PLM vs ERP – Opportunities To Grow
In my article today, I want to talk about such an opportunity as Digital Thread in the future development of integrations between PLM and ERP systems as well as growing segments of the market that can be explored by both ERP and PLM vendors.
Unless you lived under a rock for the last few years, you’ve heard about Digital Thread. The new catchy phrase “Digital Thread” has a good chance to become a fundamental element of future engineering and manufacturing software, but can also be used by many vendors are lipstick on a pig in attempts to sell the “same eggs side view” when promoting their existing products and technologies. Read the archive of my articles about Digital Thread here.
Digital Thread – A New Catchy Phrase To Replace PLM?
What Type of Digital Thread do You Need?
In a nutshell, a digital thread is a way to integrate information that lives in multiple organizational systems, files, and legacy databases. As data becomes an extremely important asset in the future business activities of companies, the importance of such connected information is huge.

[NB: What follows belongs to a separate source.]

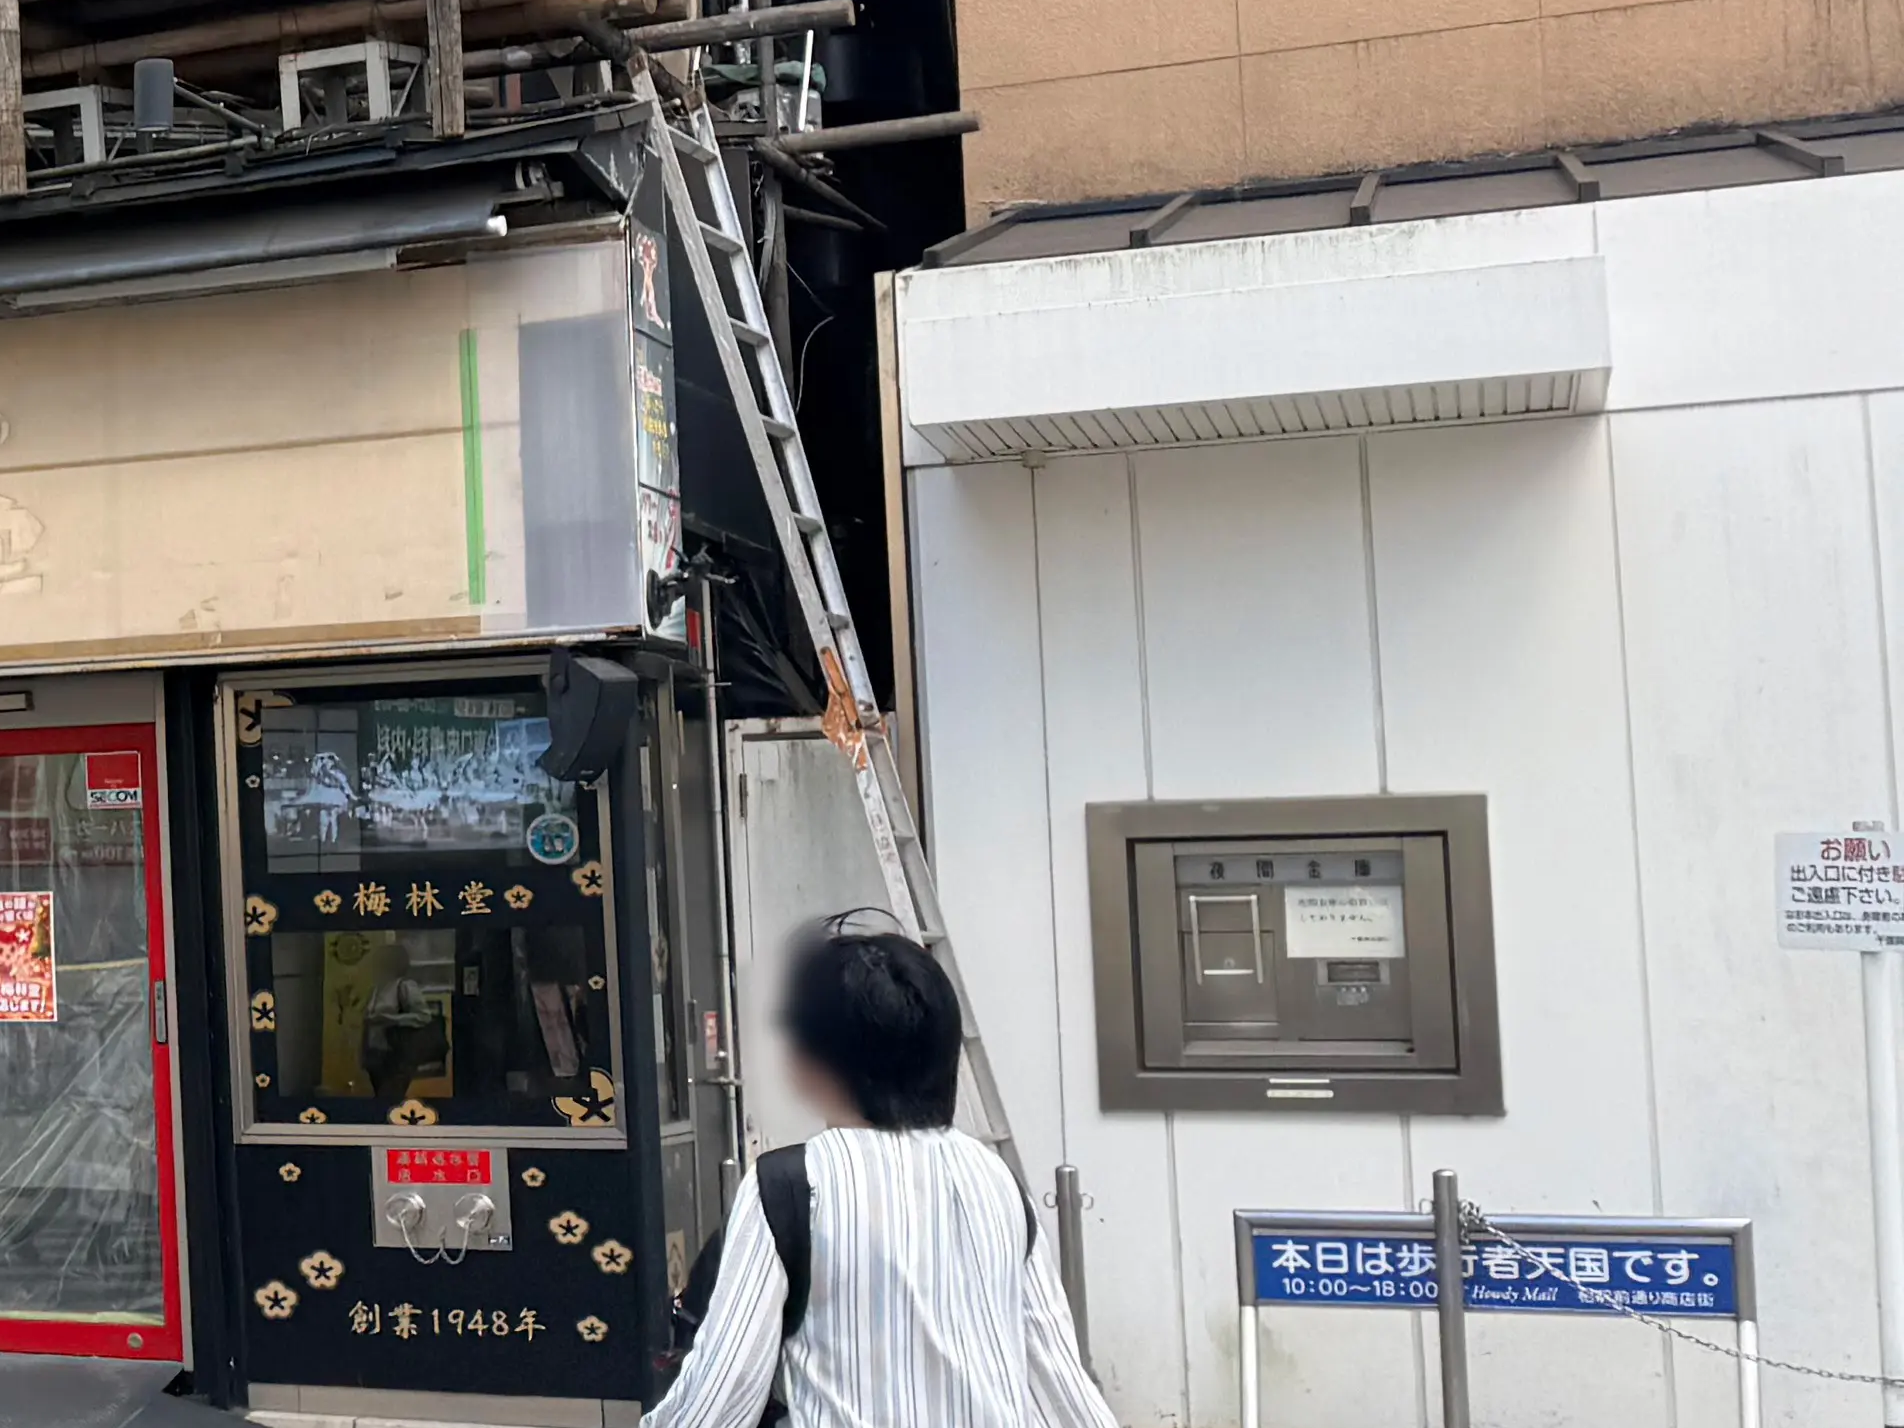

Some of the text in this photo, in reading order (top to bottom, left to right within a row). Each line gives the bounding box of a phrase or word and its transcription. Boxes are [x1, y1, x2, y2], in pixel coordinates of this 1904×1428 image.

Data can also bring substantial financial benefits to companies and to vendors providing these solutions, so no surprise, all vendors will be trying to get a hold of the information.
PLM and ERP silos
Traditionally, both PLM and ERP functions are data forming two big silos in most of the companies using these systems. Although, it is probably more accurate to talk about engineering and manufacturing, planning and finance when you speak about companies of different sizes. In many companies, you can see CAD, PDM, and multiple engineering databases, Excel, and legacy systems representing PLM domains. You can also see multiple ERP systems or the absence of these systems and companies operating financial systems with many legacy and homegrown solutions.
Data Transfer and Synchronization
To transfer data from one place to another place is a natural and easy way for many companies to solve their data silo and data management problem. This way of thinking is obvious for medium size companies thinking about how to send CAD BOM to ERP systems for procurement and, a very similar approach can be found in different ways to “integrate” PLM and ERP systems. These solutions are hard to standardize and also very hard to provide out of the box. It is often provided by multiple service providers and IT departments.
From Data “Sinking” To Data Link – How to get connected?
Leaking data and bad organization information flows in the organization is one of the main reasons for business process inefficiency in many companies. It is also a source of complexity. The digital thread is one of the ideas that has a goal to connect the data and optimize information flows. Think about it as a way to keep information in many systems and places, but at the same time to be able to get a sense of the data and to support organizational decision-making processes. The challenge of digital thread is not only to connect information inside a company, but also outside with customers, contractors, and suppliers. Stopping companies and systems from sinking the data and giving data a chance to be used is a big challenge in many manufacturing companies.
What is my conclusion?
PLM and ERP systems have an opportunity to change the way information flow is organized in the company and to provide a better way to support the decision process. It can be the source of future intelligence and business growth. It is also a big source of future business advantages for vendors and manufacturing companies from both sides – providing better-connected solutions as well as finding business benefits in using data in a more optimal form.
Disclaimer: I’m co-founder and CEO of OpenBOM developing a digital network-based platform that manages product data and connects manufacturers, construction companies, and their supply chain networks. My opinion can be unintentionally biased.